England were outplayed throughout the afternoon session, coughing up three wickets for 68 runs. Gabriel set the tone with a fast, hostile and accurate spell but it was Paul’s introduction which made things happen for the second time.
He went round the wicket and wide on the crease at Burns, who was struck on the pad looking for his favoured whip to leg. Umpire Kumar Dharmasena was not persuaded by the appeal, but would have cringed when DRS showed the ball flattening middle stump.
Six balls later it was Denly’s turn to fall lbw, bested for pace by Gabriel to leave his side 69 for three.
That left Joe Root and Buttler at the crease, but the England captain and his deputy both found themselves beaten on nought. Root had a couple of wafts but Buttler was luckier, following a Gabriel outswinger that should have been taken at second or third slip but was pawed to the ropes instead.

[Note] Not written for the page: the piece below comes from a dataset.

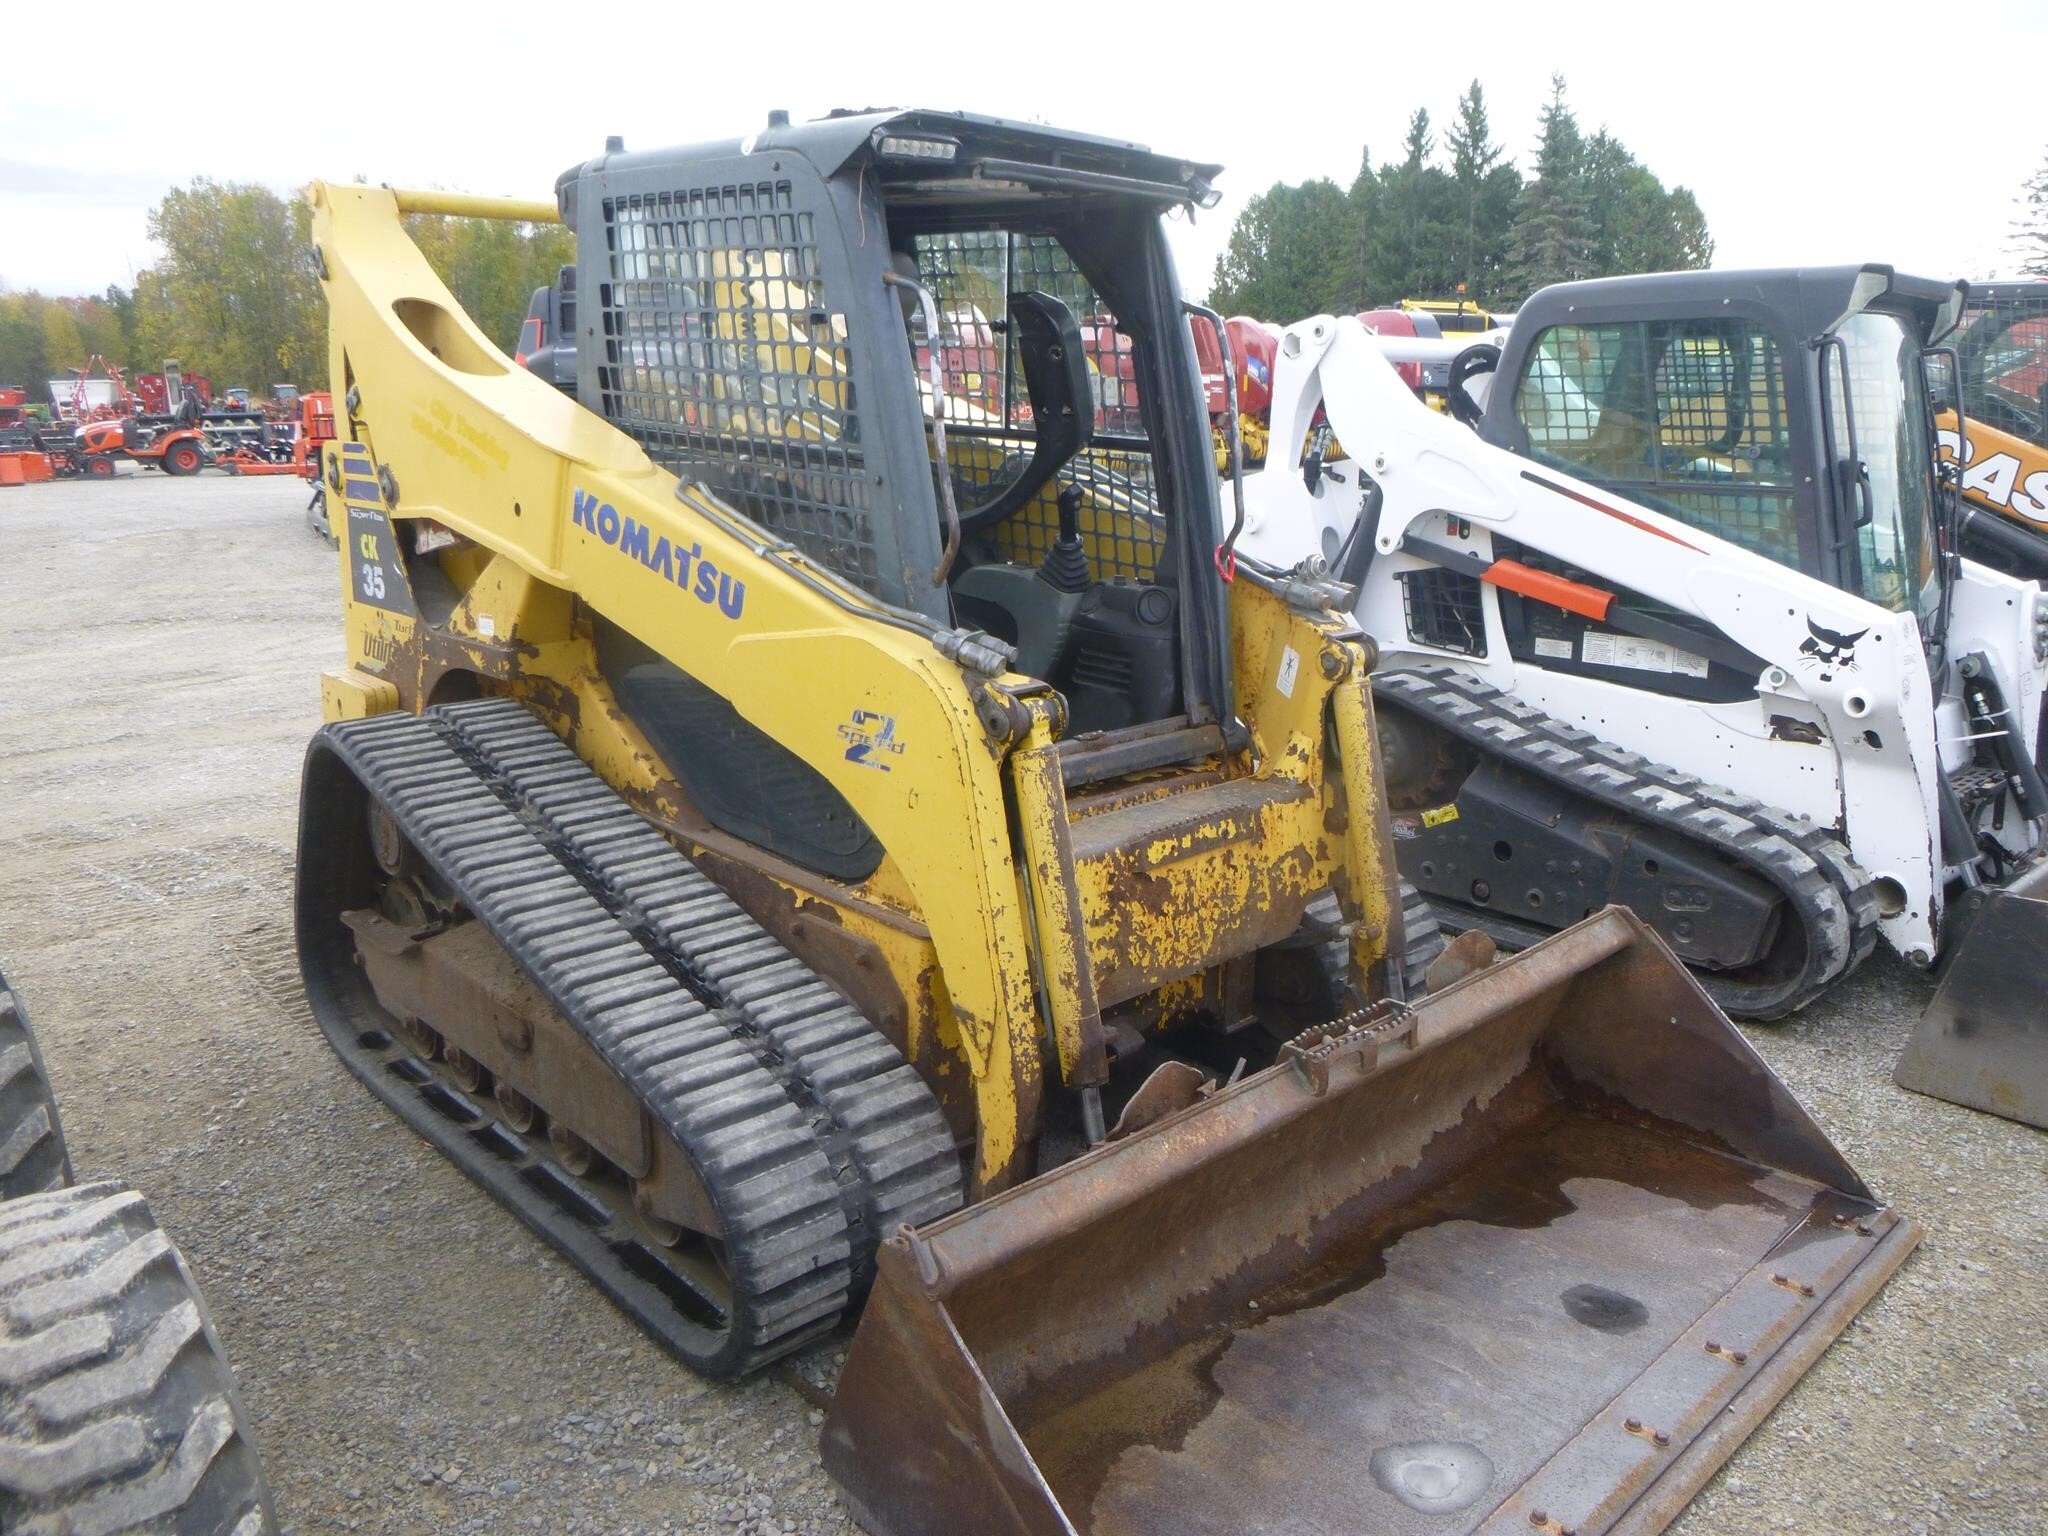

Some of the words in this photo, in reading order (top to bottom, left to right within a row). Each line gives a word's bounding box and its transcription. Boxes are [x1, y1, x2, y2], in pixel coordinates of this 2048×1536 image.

[360, 533, 380, 561] CK
[572, 487, 746, 620] KOMATSU
[362, 563, 386, 600] 35

Root began to settle for the first time in three Tests, a crisp cover drive and a back cut coming out of the middle, but failed to reach tea. Drawn out by a shorter, wider ball from Joseph he failed to move his feet and nicked softly to Shane Dowrich.
Stokes had just six when he survived a tight lbw in the opening seconds of the final session and responded by upping the ante. Although careful not to play rashly he was unforgiving to anything loose.
One four was thumped straight down the ground, a second slashed behind square and another pounded past cover. When a pull brought up the 50 stand, he had been responsible for 41 of the runs.
The flurry of activity drew Buttler out of his shell too, most pleasingly with an authoritative swivel pull off Joseph, and the duo put on 86 before Stokes’ reprieve. Joseph deserved more for his sharp handiwork but was guilty of an unforced, costly error in footwork.
Buttler topped up his score during a tame mini-session before stumps, as England put together their longest innings of the tour.